Blocking out the Ronaldo 'Siuuuus'

The setbacks makes nights like Tuesday even more enjoyable. It was a brilliant atmosphere on John Cain Arena, like it always is because the crowd can be very noisy.

At first I thought the fans were booing me and, at one stage, I think Basilashvili thought they were booing him too. Then I realised a little later they were doing the 'Siuuuu' celebration that Cristiano Ronaldo does.

I joked it was irritating but to be honest you just blank that sort of thing out. It doesn't affect you once you realise what it is and are expecting it.

It added to the atmosphere, which was amazing. These are the moments and matches I want to try to create as much as possible - especially when I know I'm 34 and retirement might not be too far away.

The Grand Slams are where everyone in our sport wants to be, playing in front of huge crowds and that's something I've always thrived on.

At Wimbledon last year I got to play in some special atmospheres under the lights on Centre Court.
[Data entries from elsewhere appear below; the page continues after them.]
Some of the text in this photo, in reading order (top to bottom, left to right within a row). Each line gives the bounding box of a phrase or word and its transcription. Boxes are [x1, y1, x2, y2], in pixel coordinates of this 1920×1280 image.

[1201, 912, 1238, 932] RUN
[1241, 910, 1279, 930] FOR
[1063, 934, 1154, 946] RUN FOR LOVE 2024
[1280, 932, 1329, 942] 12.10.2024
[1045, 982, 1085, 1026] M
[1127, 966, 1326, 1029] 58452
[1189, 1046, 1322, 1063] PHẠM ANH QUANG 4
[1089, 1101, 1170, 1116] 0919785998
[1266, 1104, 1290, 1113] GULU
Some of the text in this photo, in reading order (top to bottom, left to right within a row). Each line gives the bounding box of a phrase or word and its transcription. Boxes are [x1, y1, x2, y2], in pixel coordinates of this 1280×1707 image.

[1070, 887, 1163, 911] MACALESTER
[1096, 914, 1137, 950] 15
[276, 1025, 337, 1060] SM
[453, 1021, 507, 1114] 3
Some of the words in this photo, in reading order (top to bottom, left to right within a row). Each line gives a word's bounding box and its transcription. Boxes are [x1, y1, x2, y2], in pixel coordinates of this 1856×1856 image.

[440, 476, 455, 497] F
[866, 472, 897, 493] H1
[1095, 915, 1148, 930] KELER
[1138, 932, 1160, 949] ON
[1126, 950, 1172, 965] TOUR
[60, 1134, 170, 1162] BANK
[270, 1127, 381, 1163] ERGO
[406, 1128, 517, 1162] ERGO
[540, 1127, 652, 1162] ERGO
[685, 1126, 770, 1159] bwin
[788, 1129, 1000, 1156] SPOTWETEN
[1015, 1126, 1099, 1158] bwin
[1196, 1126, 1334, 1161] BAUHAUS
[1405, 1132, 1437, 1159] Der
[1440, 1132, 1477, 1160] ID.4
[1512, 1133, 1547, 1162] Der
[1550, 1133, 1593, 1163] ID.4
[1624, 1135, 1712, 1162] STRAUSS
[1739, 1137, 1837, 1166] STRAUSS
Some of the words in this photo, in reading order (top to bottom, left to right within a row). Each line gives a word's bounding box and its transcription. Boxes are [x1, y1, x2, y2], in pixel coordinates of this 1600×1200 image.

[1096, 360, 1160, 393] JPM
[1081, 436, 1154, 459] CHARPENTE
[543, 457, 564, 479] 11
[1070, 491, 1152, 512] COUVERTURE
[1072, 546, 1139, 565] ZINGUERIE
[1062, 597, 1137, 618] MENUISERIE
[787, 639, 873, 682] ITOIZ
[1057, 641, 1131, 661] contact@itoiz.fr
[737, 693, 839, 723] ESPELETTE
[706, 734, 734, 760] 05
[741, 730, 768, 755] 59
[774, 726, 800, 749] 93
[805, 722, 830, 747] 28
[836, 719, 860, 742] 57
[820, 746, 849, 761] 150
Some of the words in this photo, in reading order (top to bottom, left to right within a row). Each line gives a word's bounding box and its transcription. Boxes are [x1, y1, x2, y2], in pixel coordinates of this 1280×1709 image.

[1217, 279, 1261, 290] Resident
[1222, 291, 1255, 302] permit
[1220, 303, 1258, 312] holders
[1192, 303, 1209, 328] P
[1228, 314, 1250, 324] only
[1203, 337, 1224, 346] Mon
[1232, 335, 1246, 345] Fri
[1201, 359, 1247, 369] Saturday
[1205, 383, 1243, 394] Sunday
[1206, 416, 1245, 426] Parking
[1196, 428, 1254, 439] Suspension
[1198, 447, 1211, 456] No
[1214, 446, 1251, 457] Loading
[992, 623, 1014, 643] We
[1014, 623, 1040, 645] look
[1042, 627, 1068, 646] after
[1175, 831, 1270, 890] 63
The crowd really spurred me on and really enjoyed those occasions.

Hopefully there will be many more to come.

_122751900_murray.jpgThe victory against Basilashvili was Murray's first at the Australian Open since 2017

'I won't be able to move again like I'm 25'

It is always exciting for me to be back in Melbourne. The conditions have suited my game, that's why I have played consistently well over here and reached the final five times.

Beating Basilashvili was a big win for me. A lot of work has gone into getting back to this tournament and to physically compete at the highest level, so beating a guy ranked in the top 25 and winning a match in five sets was very satisfying.

I'm probably never going to move as well as I did as I did when I was 25.

But the more matches I play, staying healthy for a long period of time and not missing lots of training, means I am going to continue to improve my movement. Then, my physicality on the court will get better.

When I've had breaks like I've had and missed two or three months it takes time to build up physicality again.

Because I've had these consistent matches and I've been able to train for long periods in the past seven, eight months, my movement and anticipation is getting better again.

I reached the Sydney final last week, which was brilliant, but I felt like it could have a negative effect against Basilashvili, just because conditions are different here.

In Sydney you are playing on an indoor court and the surface is a little slower than the one here. Playing outdoors with the wind changes things too.

So I felt that was a disadvantage for me because I didn't have much time to get used to the conditions. But now I get a day's rest and the three-and-a-half hours I spent on the court on Tuesday should help me when I play Taro Daniel on Thursday.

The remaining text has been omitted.